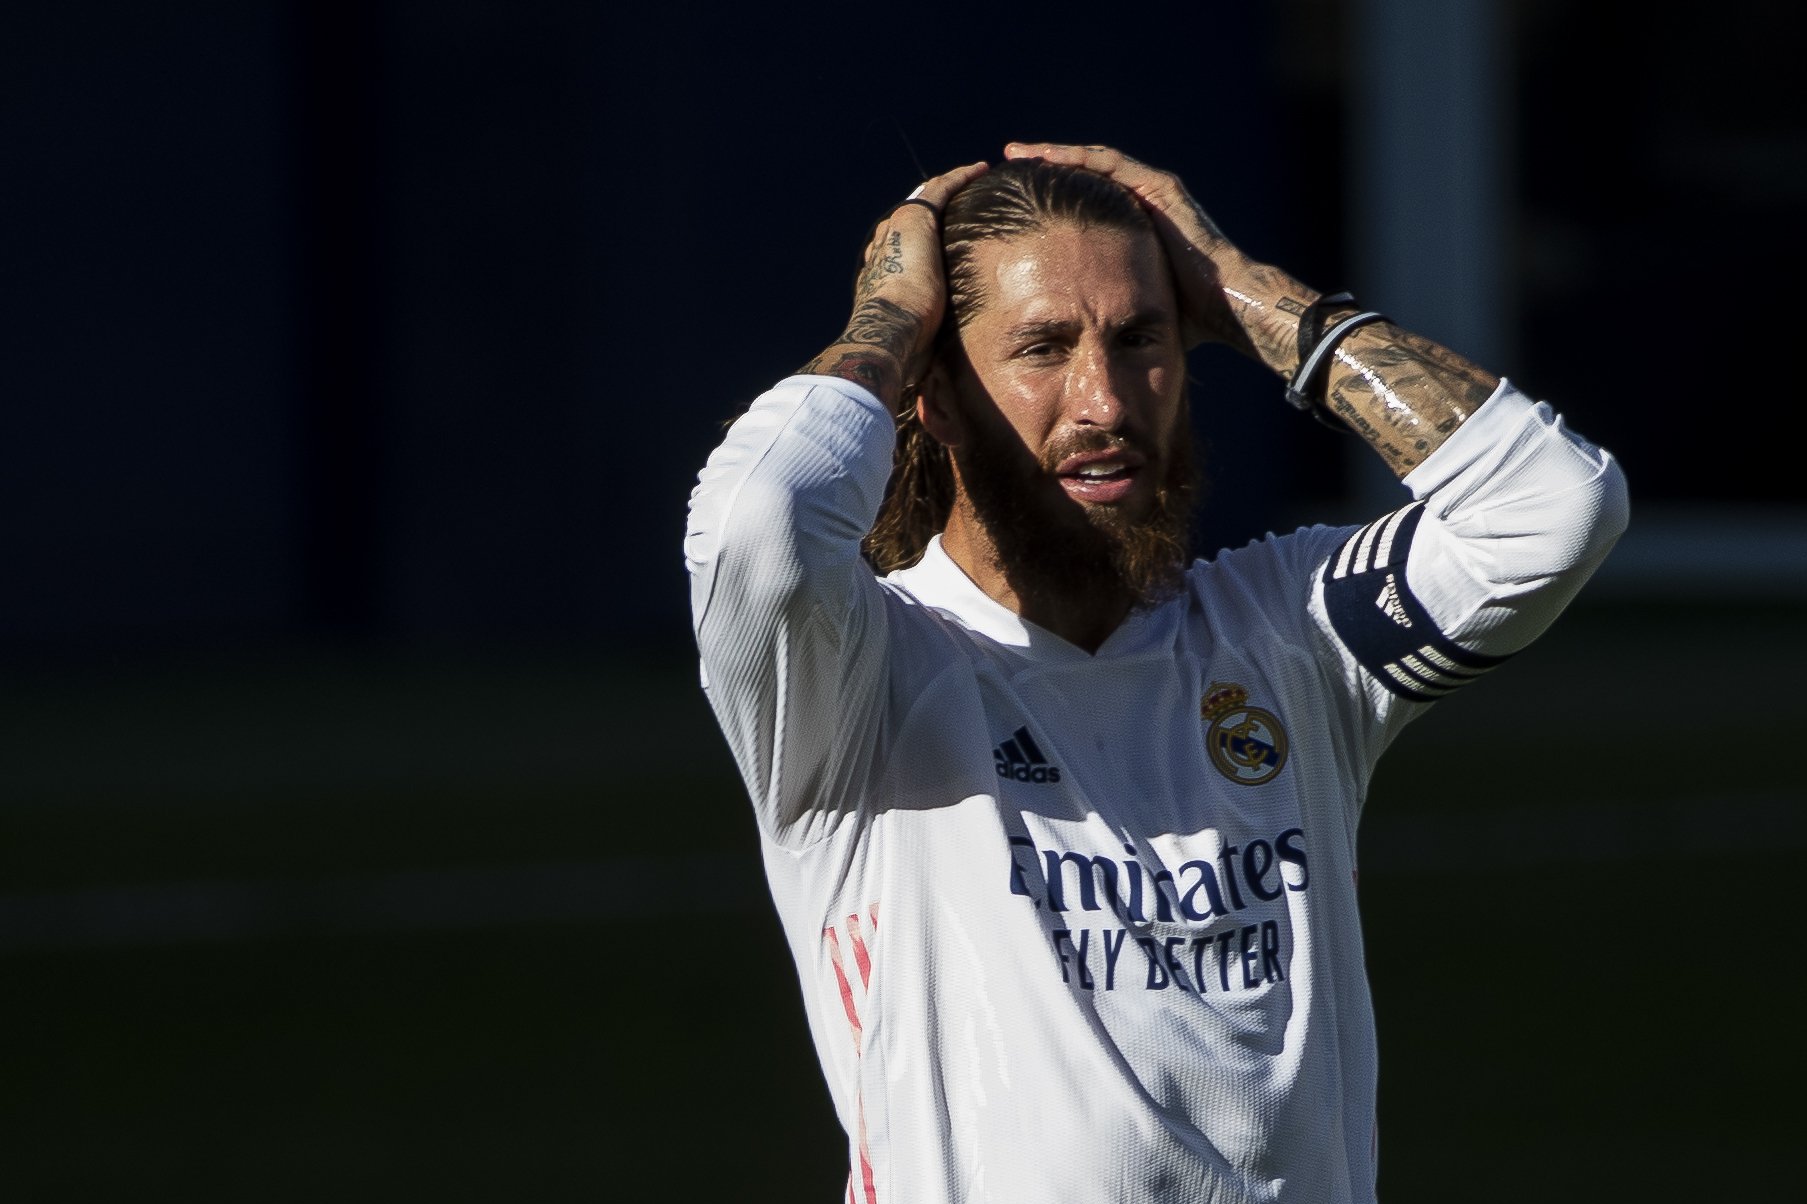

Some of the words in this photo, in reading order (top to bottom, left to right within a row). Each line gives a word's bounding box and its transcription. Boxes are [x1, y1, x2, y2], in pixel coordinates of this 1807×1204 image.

[995, 760, 1061, 783] didas
[1009, 828, 1309, 922] Emirates
[1053, 929, 1126, 991] FLY
[1138, 919, 1285, 993] BETTER
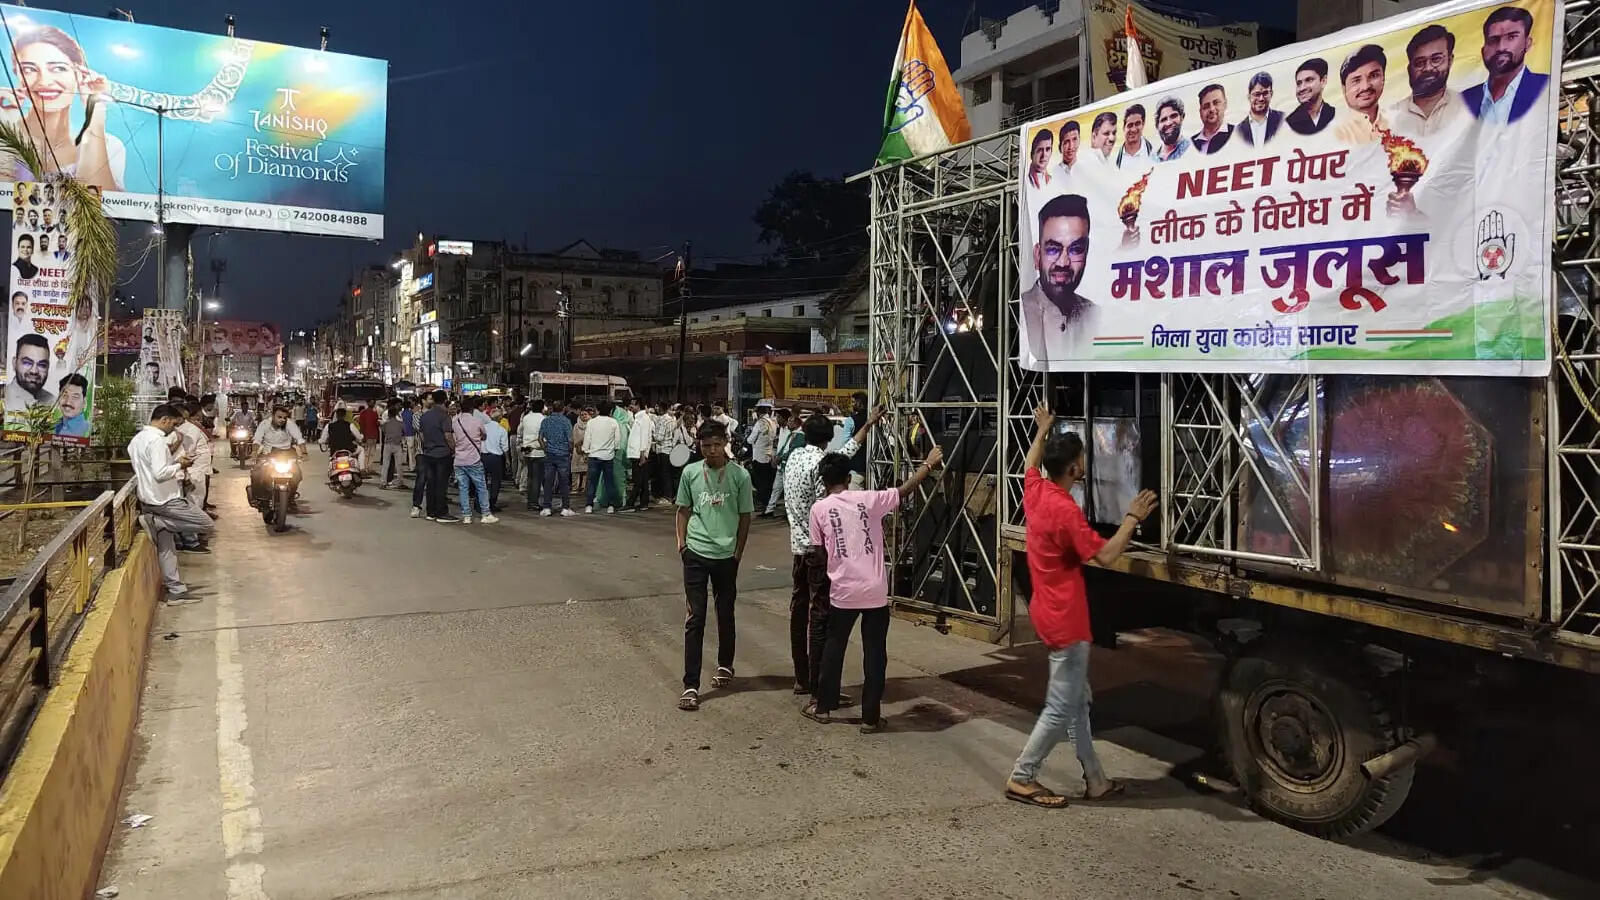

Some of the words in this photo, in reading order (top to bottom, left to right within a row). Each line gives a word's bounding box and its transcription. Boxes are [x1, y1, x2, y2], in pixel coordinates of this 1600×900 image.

[251, 110, 328, 139] TANISHQ
[214, 151, 243, 180] Of
[247, 156, 349, 183] Diamonds
[246, 138, 322, 163] Festival
[1176, 156, 1281, 200] NEET
[1287, 148, 1350, 184] पेपर
[213, 204, 243, 215] Sagar
[293, 210, 368, 226] 7420084988
[1150, 209, 1208, 245] लीक
[1214, 200, 1245, 237] के
[1252, 191, 1332, 234] विरोध
[1341, 183, 1376, 222] में
[39, 267, 67, 278] NEET
[1111, 249, 1250, 301] मशाल
[1260, 232, 1430, 314] जुलूस
[1151, 323, 1192, 349] जिला
[1196, 328, 1228, 354] युवा
[1233, 320, 1293, 349] कांग्रेस
[1297, 324, 1359, 347] सागर
[828, 508, 849, 559] SUPER
[857, 503, 875, 555] SAIYAN
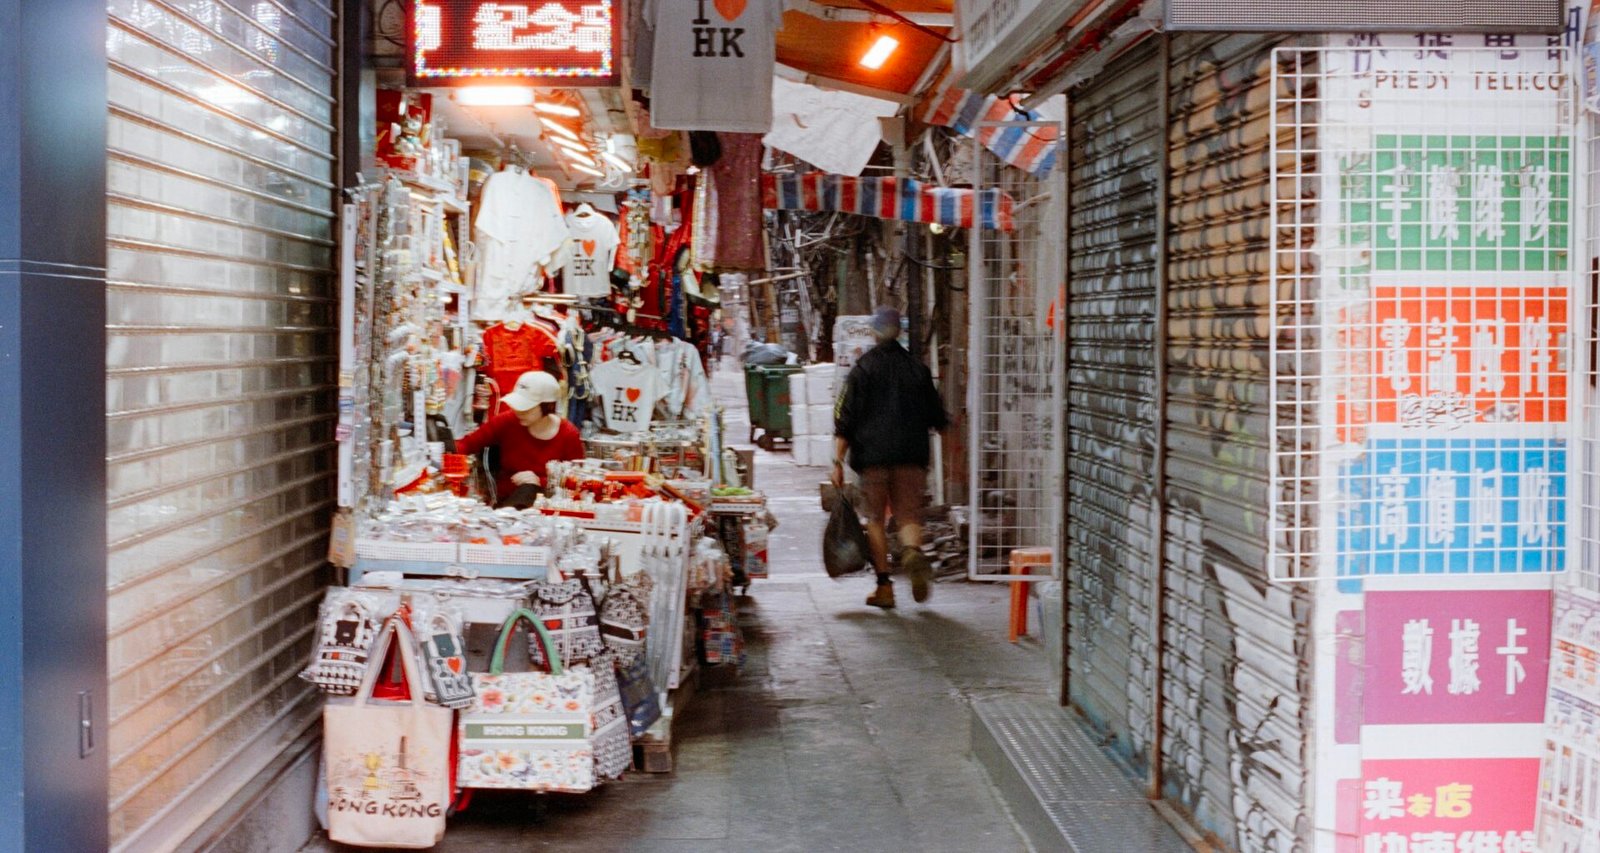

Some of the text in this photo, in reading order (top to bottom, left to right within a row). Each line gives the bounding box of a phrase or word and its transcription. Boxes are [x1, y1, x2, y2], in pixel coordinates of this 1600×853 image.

[692, 0, 710, 25] I
[692, 27, 745, 58] HK
[573, 238, 582, 257] I
[573, 259, 596, 276] HK
[614, 386, 624, 404] I
[612, 404, 638, 423] HK
[1400, 618, 1529, 696] 數據卡
[482, 724, 569, 737] HONG KONG
[382, 802, 442, 818] KONG

WHAT IS NEEDED
Please output every line of the listing as it stands, and omit its images.

TASK SOLUTION
Some of the words in this photo, in reading order (top to bottom, left to right within a row). Each line gives a word's bounding box and its transcription. Boxes are [x1, y1, x2, y2], in pixel coordinates of this 1807×1204 image.

[995, 760, 1061, 783] didas
[1009, 828, 1309, 922] Emirates
[1053, 929, 1126, 991] FLY
[1138, 919, 1285, 993] BETTER

Some of the words in this photo, in reading order (top to bottom, left to right within a row). Each line gives a word's bounding box and its transcription. Boxes are [x1, y1, x2, y2], in pixel coordinates of this 1600×900 image.

[251, 110, 328, 139] TANISHQ
[214, 151, 243, 180] Of
[247, 156, 349, 183] Diamonds
[246, 138, 322, 163] Festival
[1176, 156, 1281, 200] NEET
[1287, 148, 1350, 184] पेपर
[213, 204, 243, 215] Sagar
[293, 210, 368, 226] 7420084988
[1150, 209, 1208, 245] लीक
[1214, 200, 1245, 237] के
[1252, 191, 1332, 234] विरोध
[1341, 183, 1376, 222] में
[39, 267, 67, 278] NEET
[1111, 249, 1250, 301] मशाल
[1260, 232, 1430, 314] जुलूस
[1151, 323, 1192, 349] जिला
[1196, 328, 1228, 354] युवा
[1233, 320, 1293, 349] कांग्रेस
[1297, 324, 1359, 347] सागर
[828, 508, 849, 559] SUPER
[857, 503, 875, 555] SAIYAN

Some of the text in this photo, in reading order (top to bottom, left to right within a row). Each line gives the bounding box of a phrase or word and its transcription. Boxes are [x1, y1, x2, y2], in pixel coordinates of this 1600×853 image.

[692, 0, 710, 25] I
[692, 27, 745, 58] HK
[573, 238, 582, 257] I
[573, 259, 596, 276] HK
[614, 386, 624, 404] I
[612, 404, 638, 423] HK
[1400, 618, 1529, 696] 數據卡
[482, 724, 569, 737] HONG KONG
[382, 802, 442, 818] KONG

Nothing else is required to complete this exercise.